Simson merkt dat de Filistijnen hem lafhartig ontwijken en hem willen treffen in zijn vrouw. Hevig verontwaardigd gaat hij op zijn vijanden af en 'slaat hen op de schenkel en de heup', een spreekwoordelijke zegswijze voor 'armen en benen breken'. Hij slaat hen met een grote slag. Hij doet dit alleen en zonder enig wapen. Zo is hij Israëls richter en bevrijder.

Etam

Hierna trekt Simson zich terug op de rots Etam, een bijna ontoegankelijke kloof, waarschijnlijk dicht bij Zora. Hij wil de Israëlieten niet rechtstreeks in gevaar brengen door zich bij hen te voegen. Hij wacht nu hier op een aanval van de Filistijnen.

Simson aanvaardt zijn roeping om alléén te strijden, want hij probeert niet de Israëlieten te mobiliseren om hem te helpen zoals bijvoorbeeld Gideon deed.

Dan komt de aanval!

De Filistijnen verzamelen een leger en trekken Lechi, een plaats in Juda, binnen. Dit veroorzaakt onrust onder de Judeeërs, want ze begrijpen dat de Filistijnen wat in hun schild voeren. Het blijkt dat het hen om Simson te doen is.

Israël staat nu voor een keuze: erkennen ze Simson als een van God gegeven richter, of niet?

Het laatste is het geval. Er komen drieduizend mannen naar Simson toe om hem gevangen te nemen en uit te leveren aan de Filistijnen. Het blijkt dat de Israëlieten totaal niet begrijpen hoe smadelijk het is om aan de Filistijnen onderworpen te zijn. Ze rekenen het Simson zelfs als een misdaad aan wat hij de Filistijnen aangedaan heeft. Simson

Filistijnen aangedaan heeft. Simson vraagt hun te beloven dat ze hem niet aan zullen vallen. Dit doen ze en Simson laat zich binden met twee nieuwe touwen. Als een geloofsheld ("Wie zichzelf overwint is sterker dan wie een stad inneemt") laat hij zich naar Lechi voeren.

Lechi

In Lechi wordt hij door het gejuich van de Filistijnen verwelkomd, maar spoedig verstomt dit: de Geest des Heeren grijpt Simson aan. Simson verbreekt de touwen, grijpt een ezelskaak die op de grond ligt en slaat hiermee duizend Filistijnen neer.

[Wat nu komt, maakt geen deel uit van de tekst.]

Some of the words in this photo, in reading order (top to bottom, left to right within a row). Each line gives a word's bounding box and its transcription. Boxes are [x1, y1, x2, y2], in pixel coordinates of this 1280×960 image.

Er klinkt een triomflied uit zijn mond:

"Met een ezelskinnebakken

een hoop, twee hopen,

met een ezelskinnebakken

heb ik duizend man verslagen".

Door de vertaling uit het Hebreeuws is de rijm verloren gegaan, evenals de woordspeling die Simson gebruikt. In het Hebreeuws bevat het woord dat door de Statenvertalers met "hoop" is vertaald, sterke overeenkomst met het Hebreeuwse woord voor "ezel". Vandaar dat ook de volgende vertaling mogelijk is:

"Met een ezelskinnebakken

sloeg ik een ezel, twee

ezels, met een ezelskinne

bakken sloeg ik duizend

man ".

Simson wil dus zeggen dat de ezels doodgeslagen zijn door hun eigen kinnebakken.

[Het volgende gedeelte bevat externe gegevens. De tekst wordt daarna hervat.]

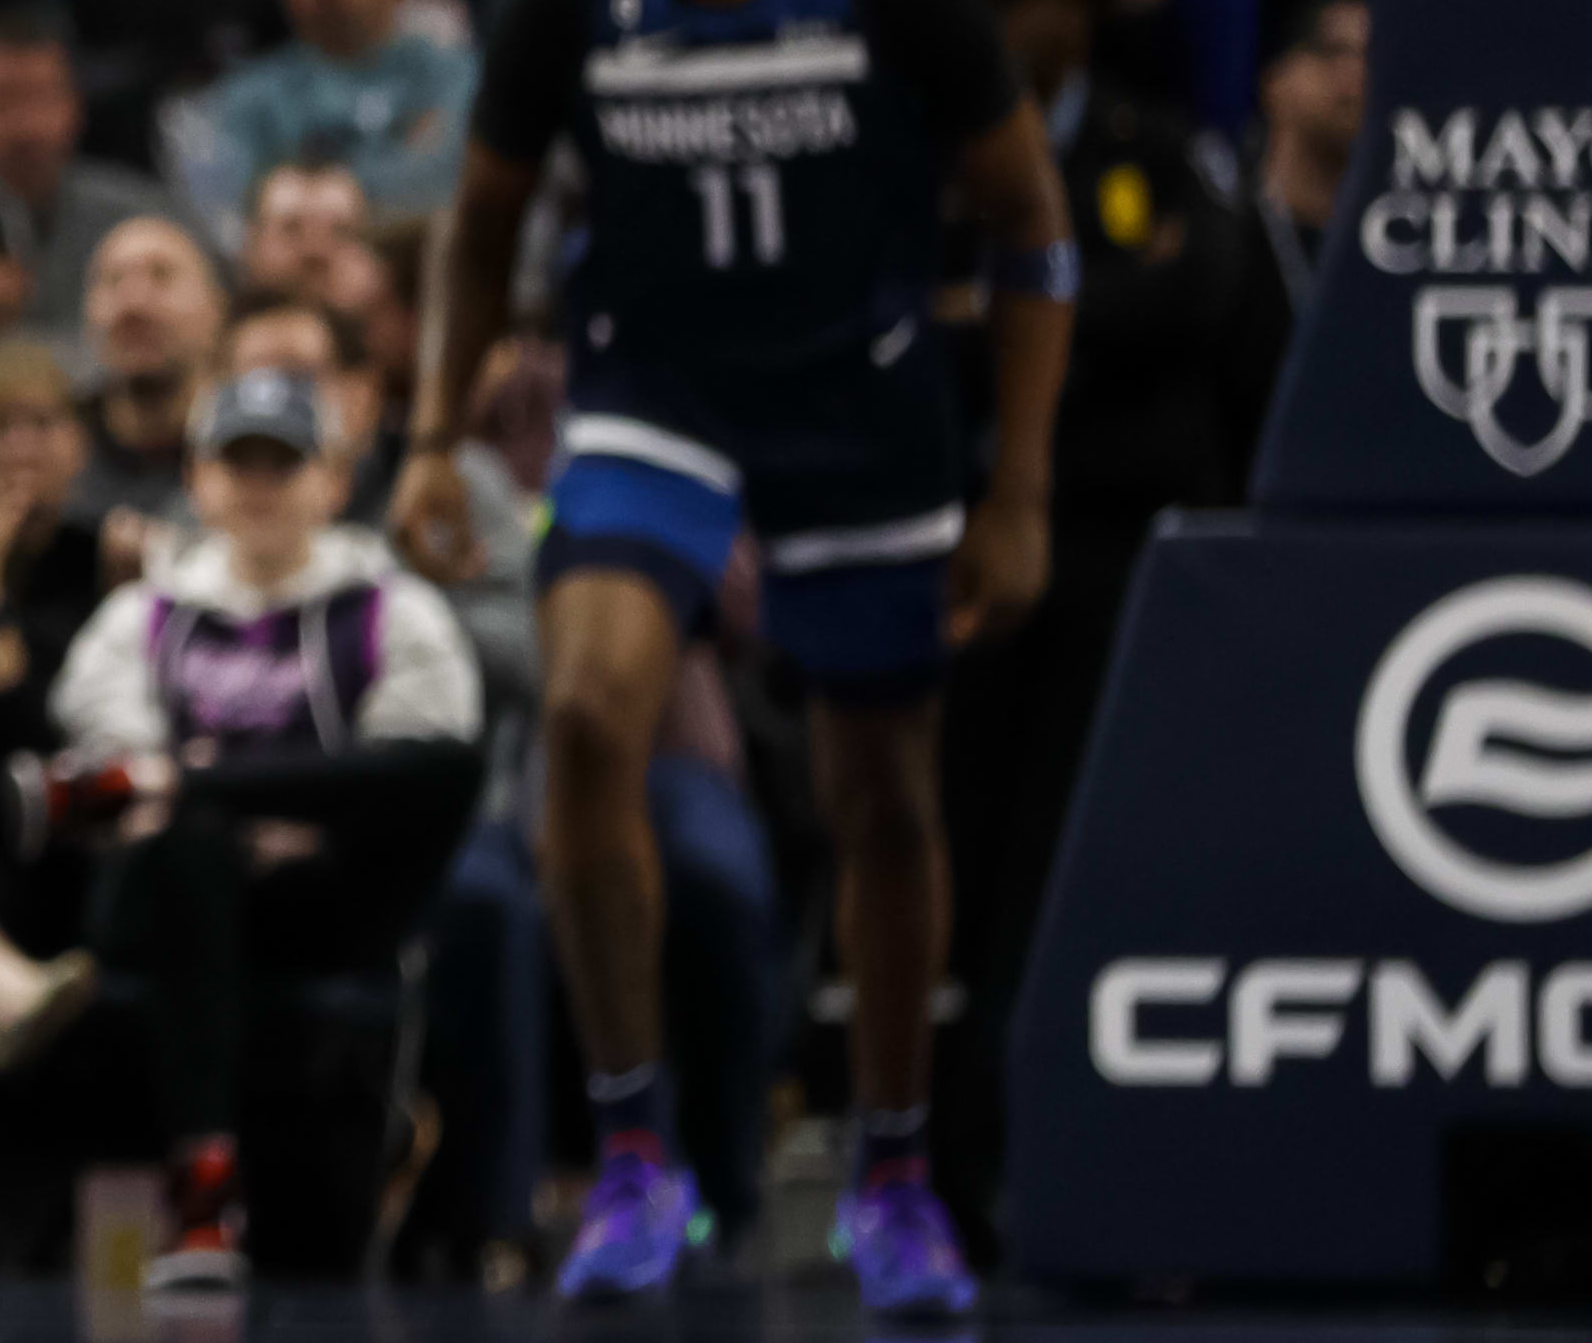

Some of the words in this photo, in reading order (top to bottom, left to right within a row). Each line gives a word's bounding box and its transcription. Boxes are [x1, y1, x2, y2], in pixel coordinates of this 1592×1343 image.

[594, 91, 859, 164] MINNESOTA
[1391, 106, 1592, 190] MAY
[687, 160, 789, 270] 11
[1359, 190, 1590, 276] CLIN

Daar staat Simson met zijn ezelskaakbeen op de hoogte waarop de strijd plaatsvond. Hij werpt het been weg en noemt de plaats Ramath- Lechi, dat betekent 'kaakbeenhoogte'.

Maar na zijn triomflied volgt er een grote inzinking. Een hevige dorst doet hem bijna bezwijken. Water is er niet. Dan voelt hij zijn afhankelijkheid van God en wendt zich tot de Heere om uitkomst. Hij erkent dat God 'dit grote heil' gegeven heeft, hij was slechts knecht. Dit gebed vult aan wat in zijn overwinningslied ontbrak. Simson wordt door de Heere van zijn hoogte gestoten. Het heeft als vrucht dat Simson, verootmoedigd, pleiten gaat op Gods naam en eer. Immers hoe zullen de Filistijnen triomferen als zij Simson zo vinden?

De Heere verhoort zijn gebed en laat water uit de rotssteen komen. Als Simson van dit water drinkt leeft hij op en wordt hij weer fris en krachtig. Uit dankbaarheid noemt hij de God verwekte bron de "Fontein des aanroepers".


"En hij richtte Israël in de dagen der Filistijnen, twintig jaren". (15 : 20)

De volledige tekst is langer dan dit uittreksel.